In the dark, Mary felt the presence of the small light-limbed body next to her. She and her little sister lay with their heads on the same pillow, Mary’s dark hair mingling with Hannah’s light. Hannah had inched in as close as she could and wrapped both of her arms around one of Mary’s as the story Mary was telling grew almost unbearably climactic for a four-year-old.

“Princess Hannah and Princess Mary raced as fast as they could through the forest, the briars ripping the skirts of their gowns and scratching their hands and faces,” said Mary, skillfully riding the wave of her tale. “Because behind them . . . they heard the wolves.”

Hannah gasped. “The evil queen’s wolves?” she asked, as she hugged Mary’s arm tighter.

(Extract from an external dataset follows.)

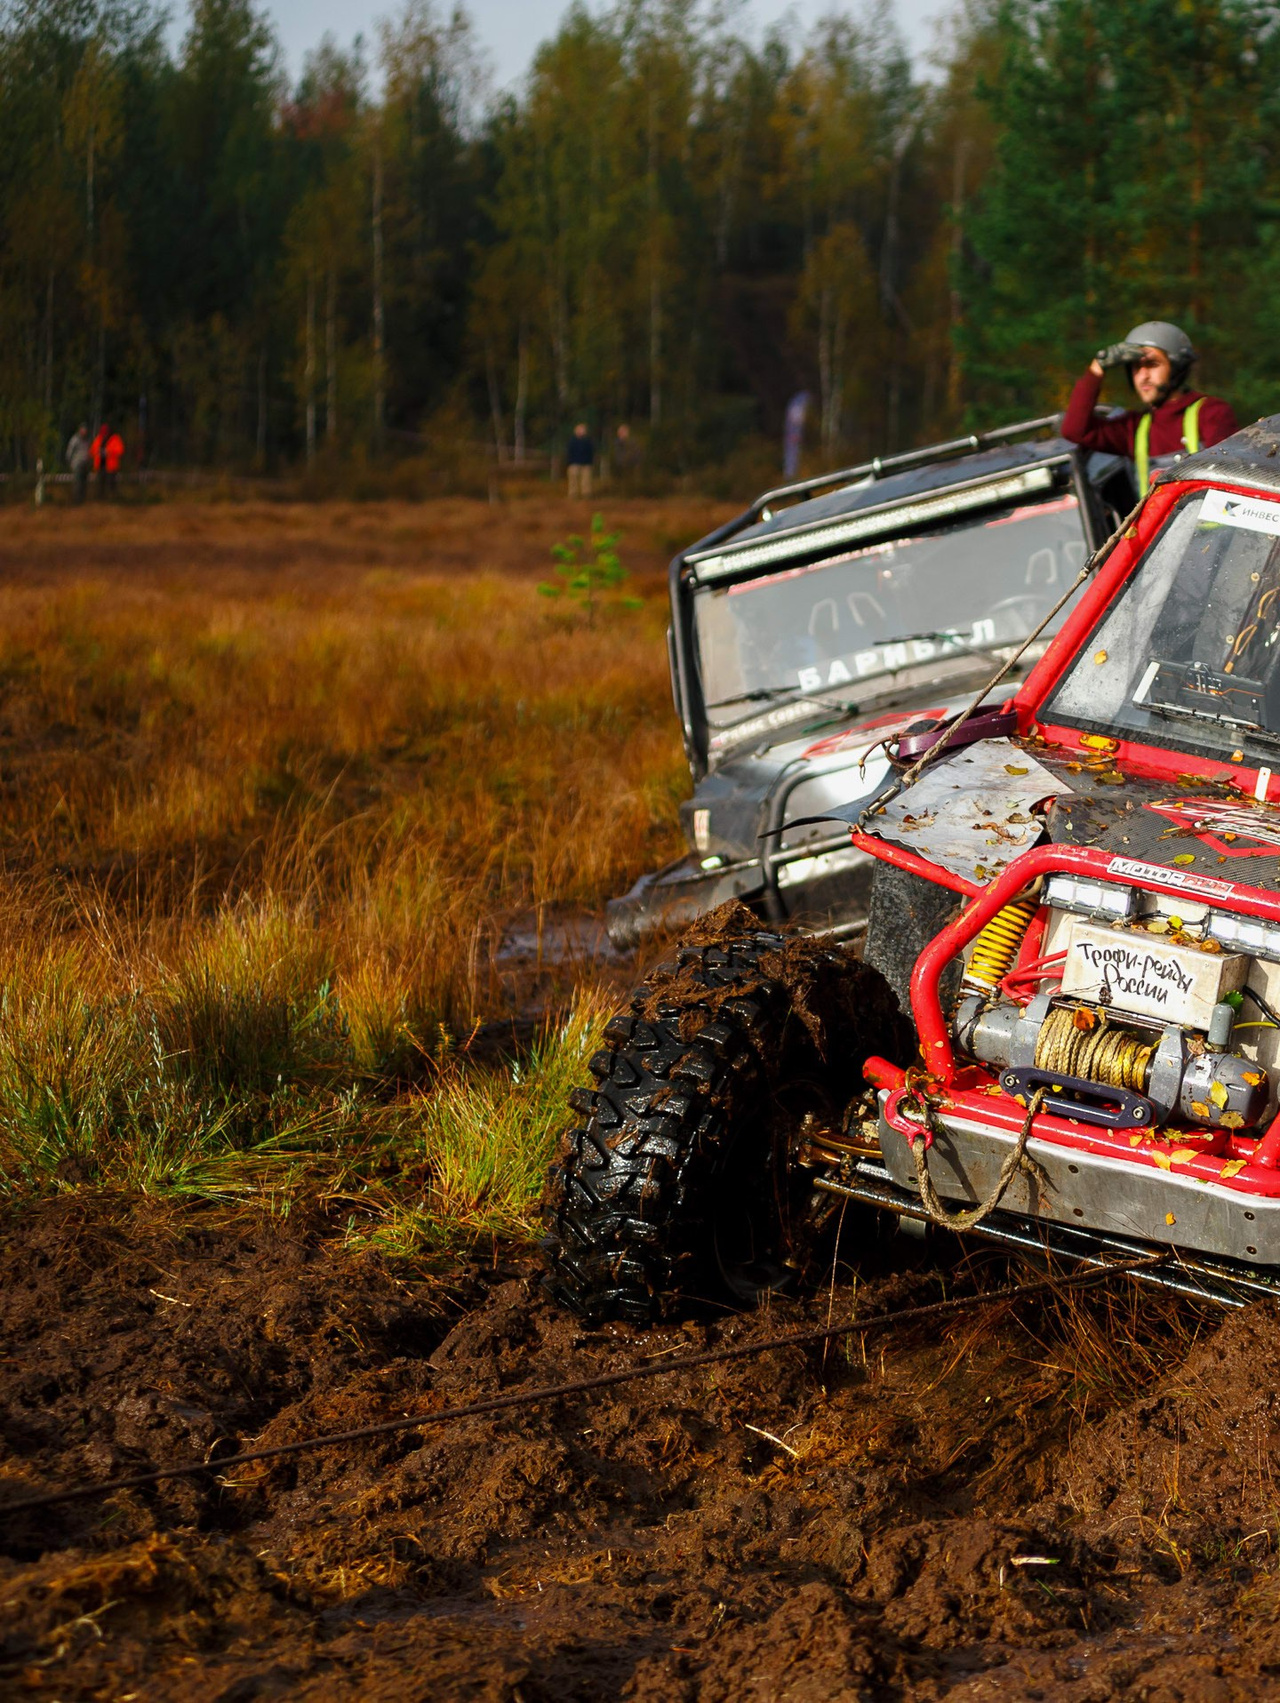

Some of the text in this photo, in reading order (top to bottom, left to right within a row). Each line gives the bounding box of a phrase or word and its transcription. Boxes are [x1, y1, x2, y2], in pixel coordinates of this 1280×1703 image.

“The evil queen’s wolves,” confirmed Mary.

Mary could spin masterful stories and often transformed the room she and Hannah shared at the Water’s Edge into a land of beauty and magic and danger. A land where they were princesses, always running, always pursued. A land where no one was to be trusted except each other.

“And just as they reached the edge of the Black Woods”—Mary’s voice built as if she were giving a speech from a grandstand—“a wolf came leaping out of the dark, its mouth open, its fangs bared. But Princess Mary drew her sword and plunged it into the beast.”

“Does that mean she killed it?” asked Hannah, the words coming out as an urgent breath.

Mary smiled at her sister and nodded, relishing Hannah’s utter absorption, her lack of disbelief. “Then Princess Mary pulled Princess Hannah onto her back, and together they ran out of the Black Woods, falling out of the forest just as the rest of the pack reached its edge.”

“So they were safe?” asked Hannah, desperate for confirmation. “The wolves didn’t get them?”

“They were safe.” Mary leaned over to kiss her sister on the line where her hair met the skin of her forehead. “Don’t worry, Bunny. The wolves can’t leave the Black Woods.”